EXERCISE MATERIALS:
■ ■ ■ ■
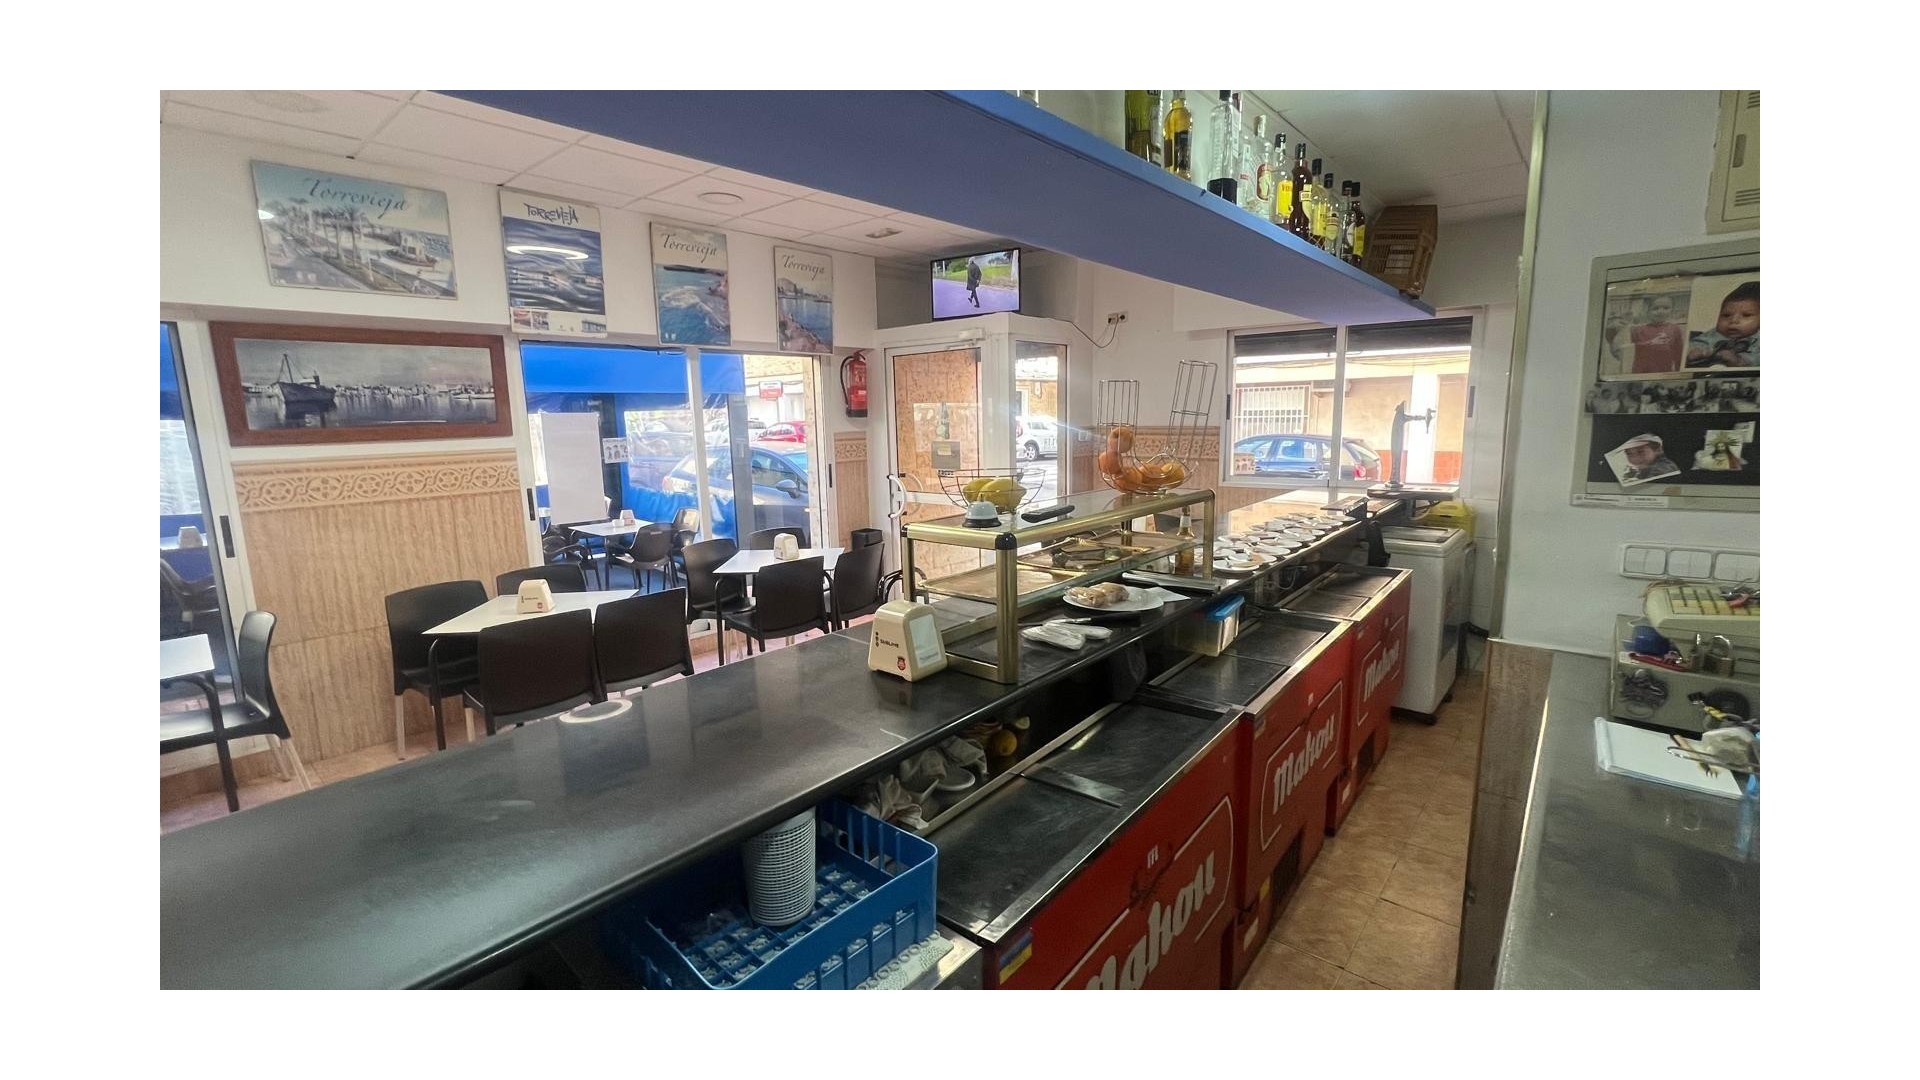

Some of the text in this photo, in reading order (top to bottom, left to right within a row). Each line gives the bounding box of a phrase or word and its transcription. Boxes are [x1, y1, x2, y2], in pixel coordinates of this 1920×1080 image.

[305, 177, 406, 219] Torrevieja
[523, 202, 578, 225] TORREVIEJA
[661, 232, 717, 263] Torrevieja
[782, 254, 825, 280] Torrevieja
[1273, 713, 1335, 815] Mahou
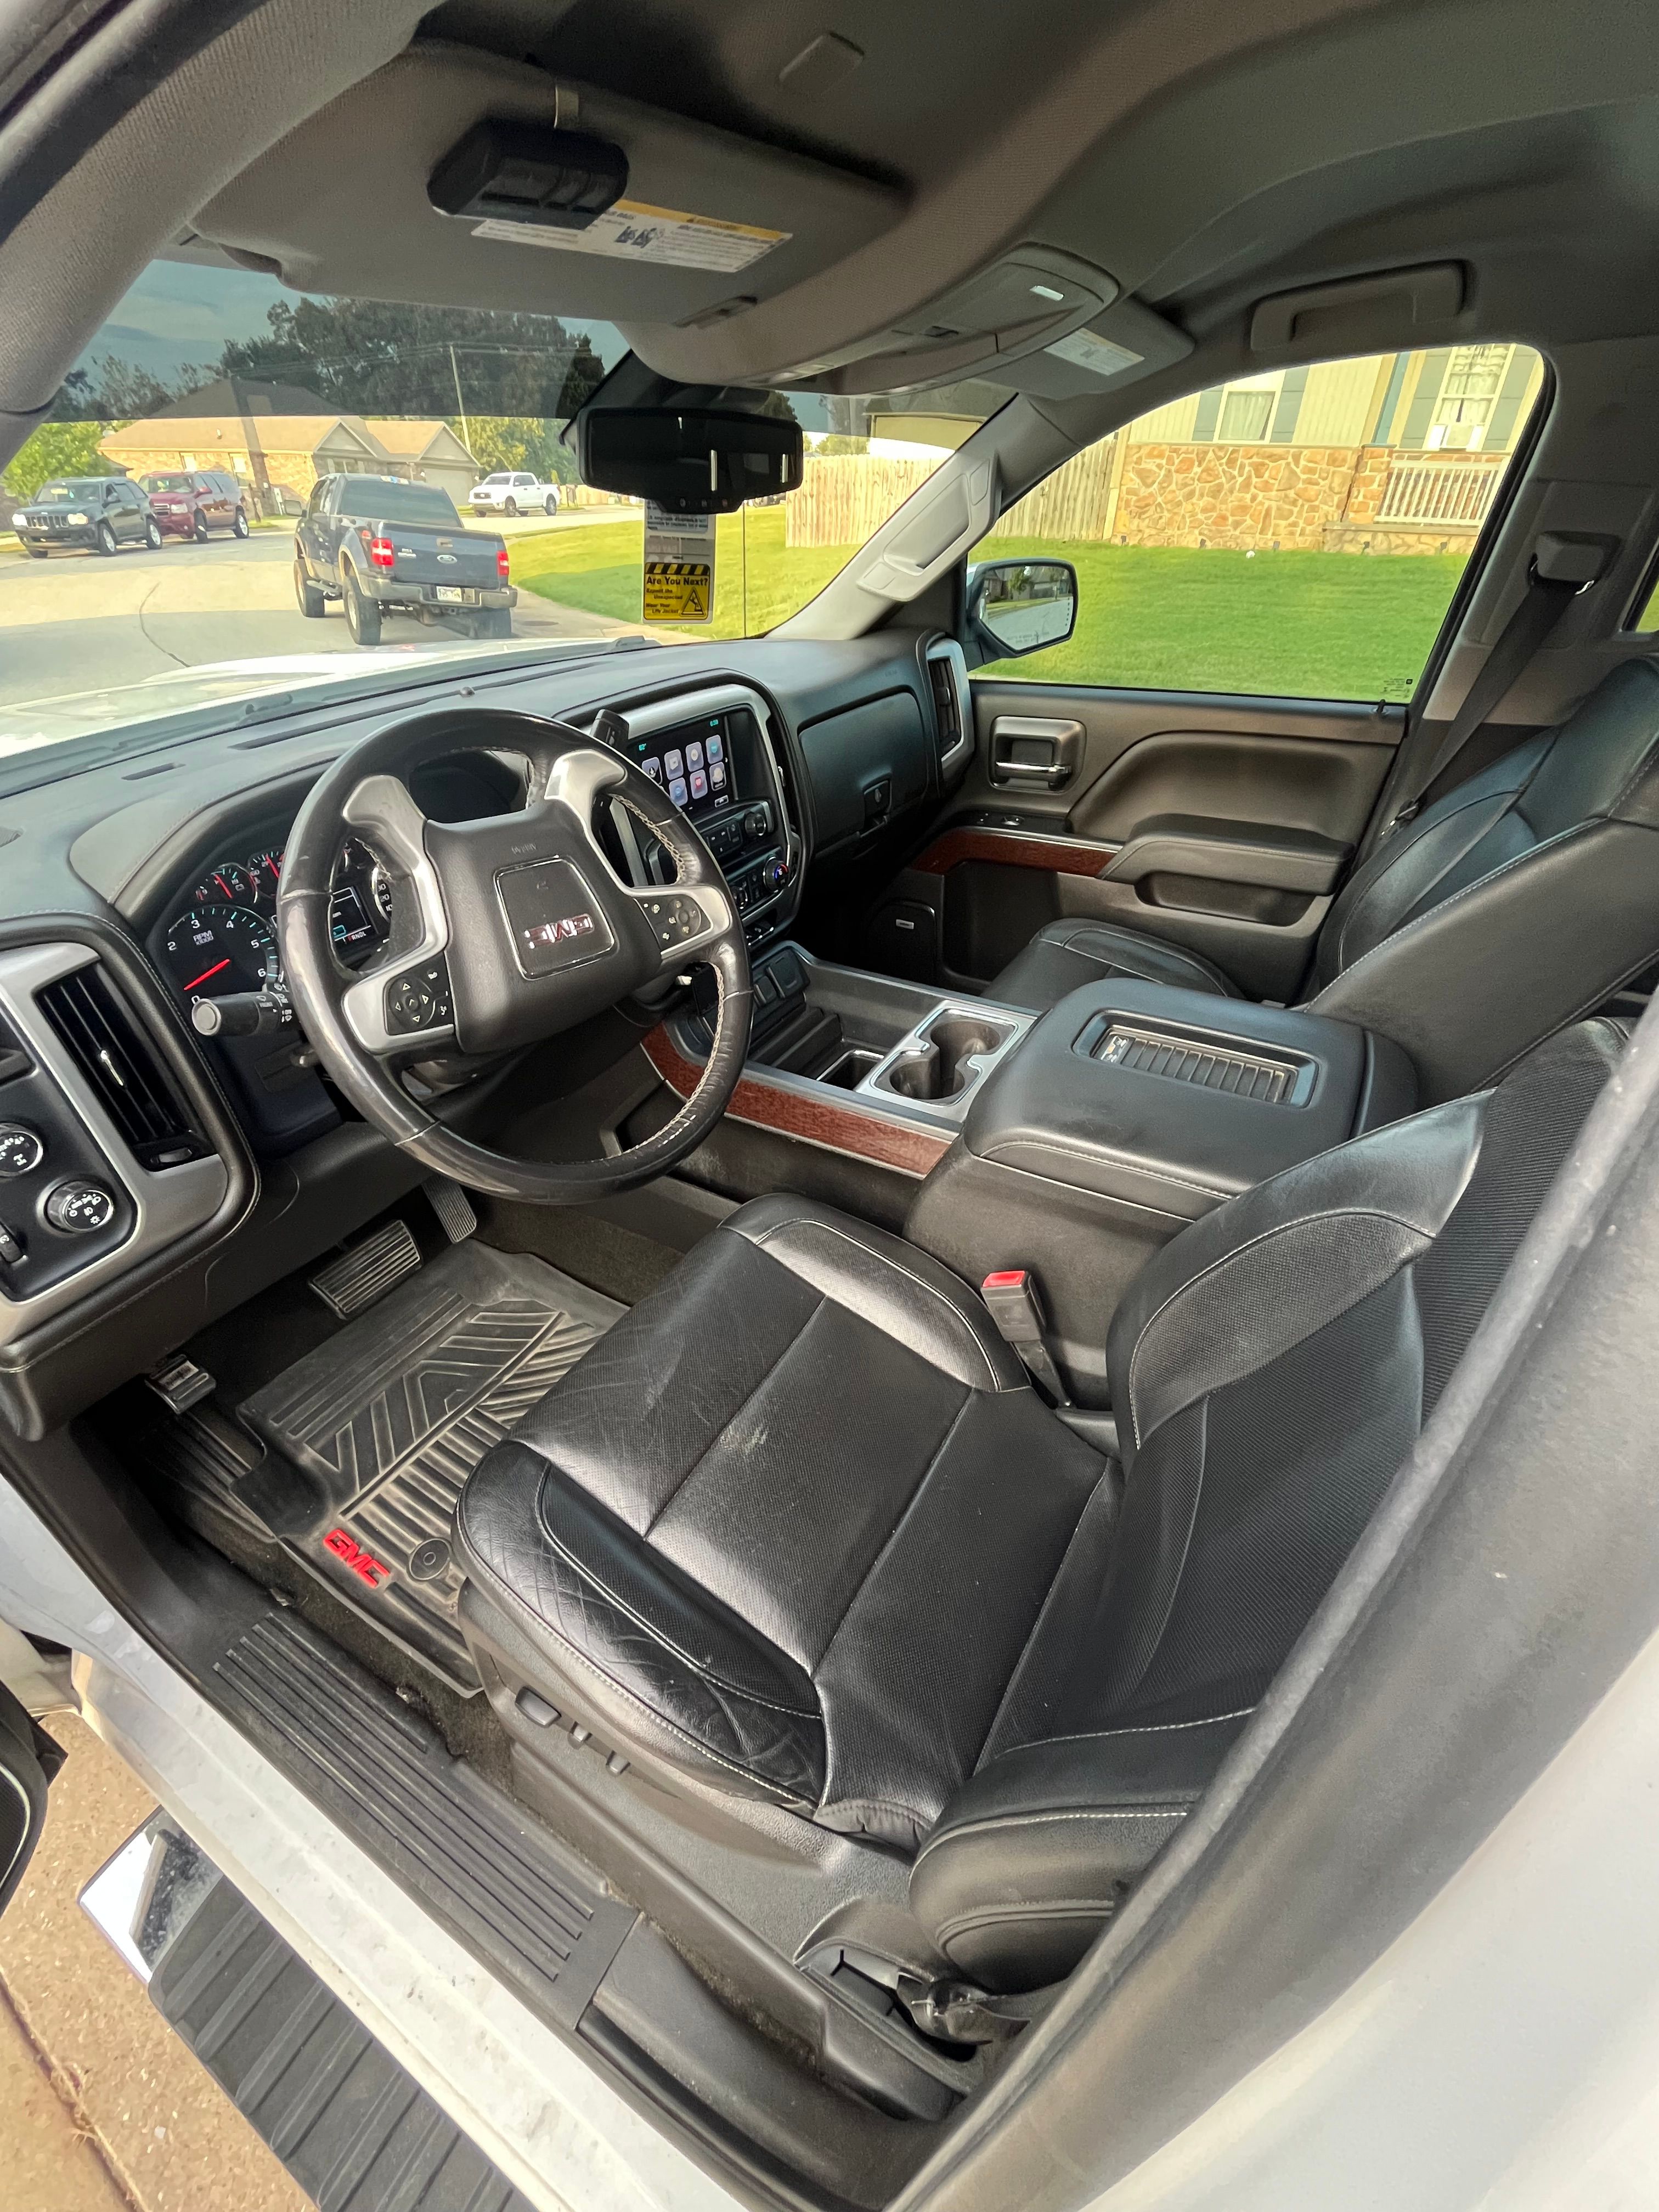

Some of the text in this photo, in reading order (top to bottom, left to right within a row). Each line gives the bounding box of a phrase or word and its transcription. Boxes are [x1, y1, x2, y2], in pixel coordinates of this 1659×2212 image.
■ ■ ■ ■
EXERCISE DETAILS:
Please reproduce the data above word for word, skipping all images.

RESPONSE BELOW:
Some of the text in this photo, in reading order (top to bottom, left to right within a row). Each line gives the bounding box of a phrase or word and its transcription. Boxes are [x1, y1, x2, y2], in pixel coordinates of this 1920×1080 image.

[305, 177, 406, 219] Torrevieja
[523, 202, 578, 225] TORREVIEJA
[661, 232, 717, 263] Torrevieja
[782, 254, 825, 280] Torrevieja
[1273, 713, 1335, 815] Mahou

Some of the text in this photo, in reading order (top to bottom, left to right within a row). Each line gives the bounding box of a phrase or word and its transcription. Boxes are [x1, y1, x2, y2], in pixel coordinates of this 1659×2212 image.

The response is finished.